Activity: Copy all records exactly, excluding images.

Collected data
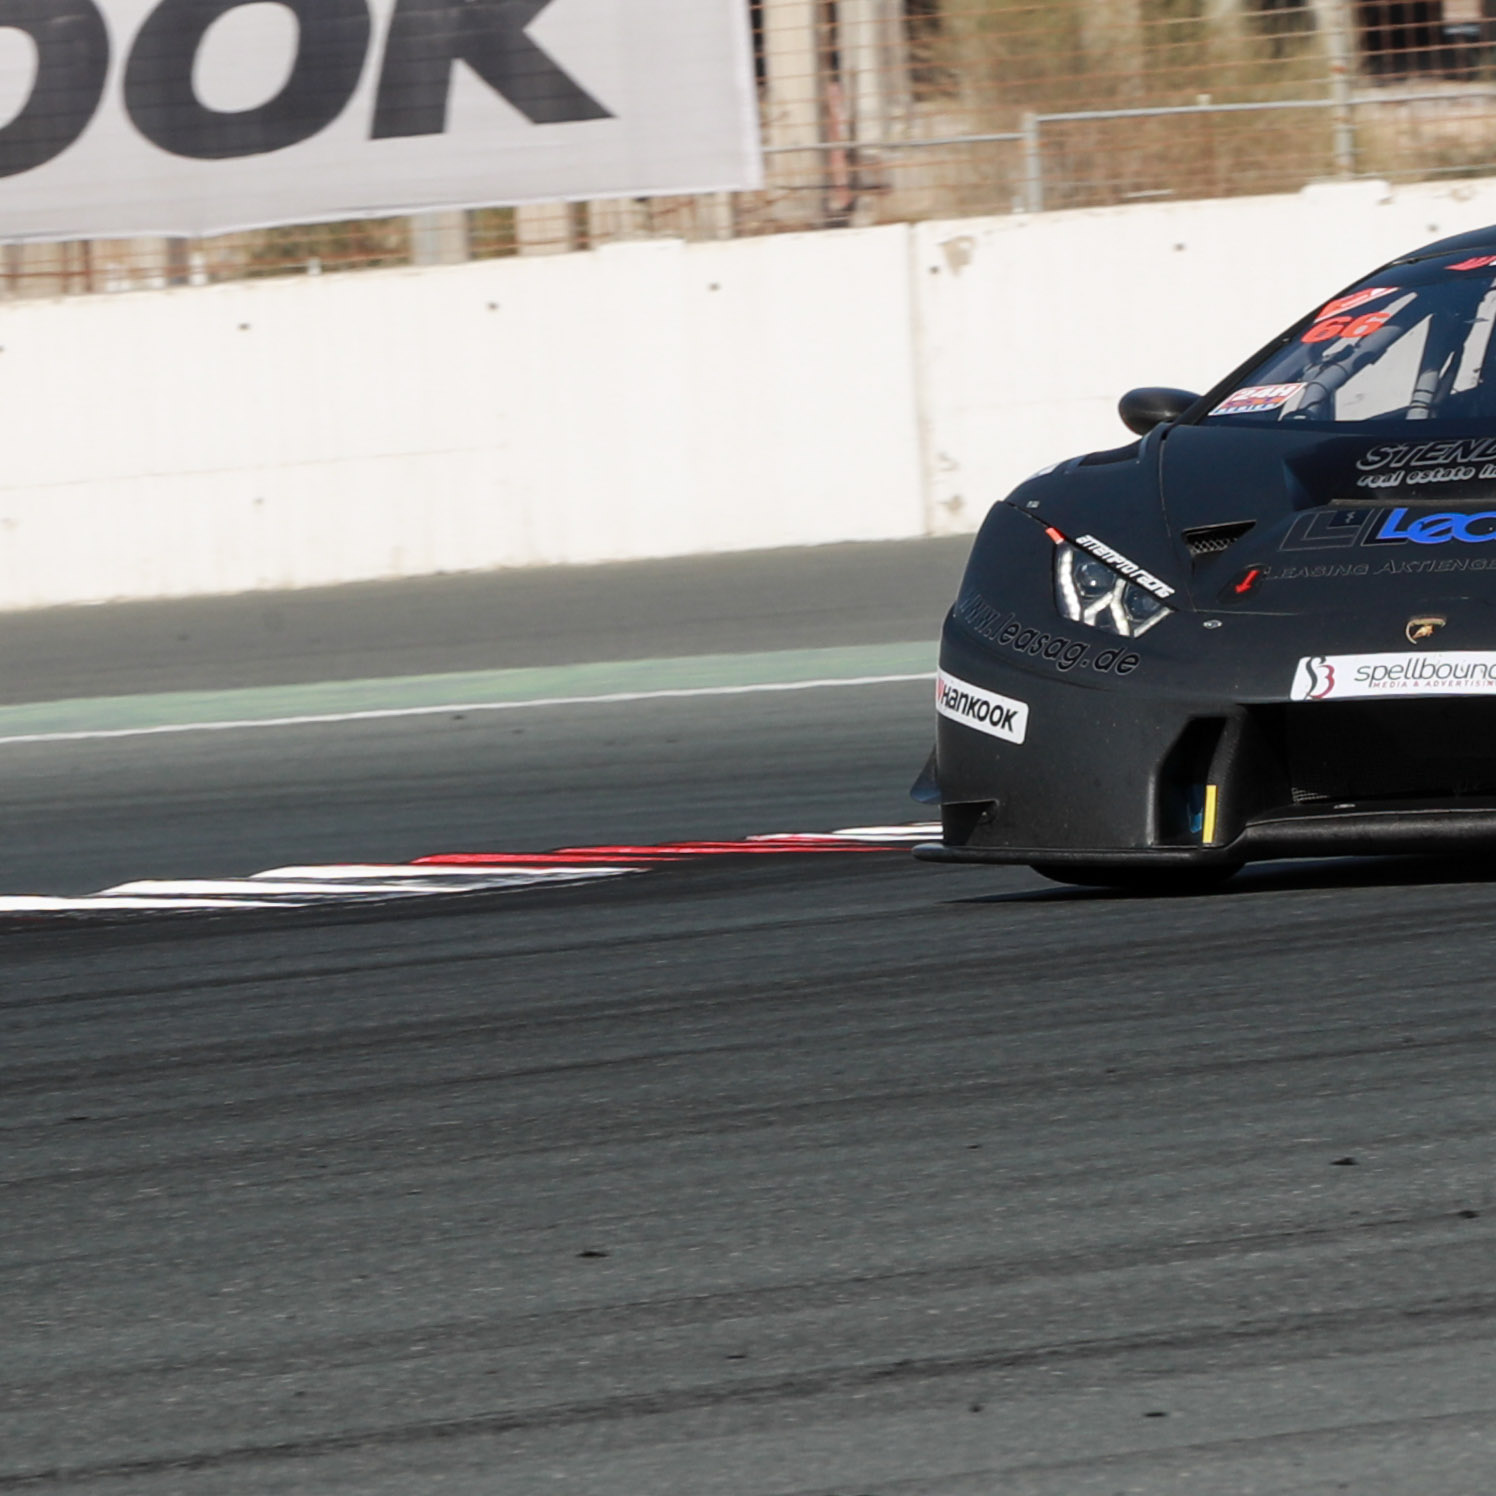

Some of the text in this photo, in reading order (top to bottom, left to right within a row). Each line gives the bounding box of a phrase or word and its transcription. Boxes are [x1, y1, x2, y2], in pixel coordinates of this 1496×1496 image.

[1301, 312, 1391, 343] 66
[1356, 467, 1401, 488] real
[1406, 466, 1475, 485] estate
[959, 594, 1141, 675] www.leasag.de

The completed task:
Some of the text in this photo, in reading order (top to bottom, left to right within a row). Each line gives the bounding box of a phrase or word and its transcription. Boxes are [x1, y1, x2, y2], in pixel coordinates of this 1496×1496 image.

[1301, 312, 1391, 343] 66
[1356, 467, 1401, 488] real
[1406, 466, 1475, 485] estate
[959, 594, 1141, 675] www.leasag.de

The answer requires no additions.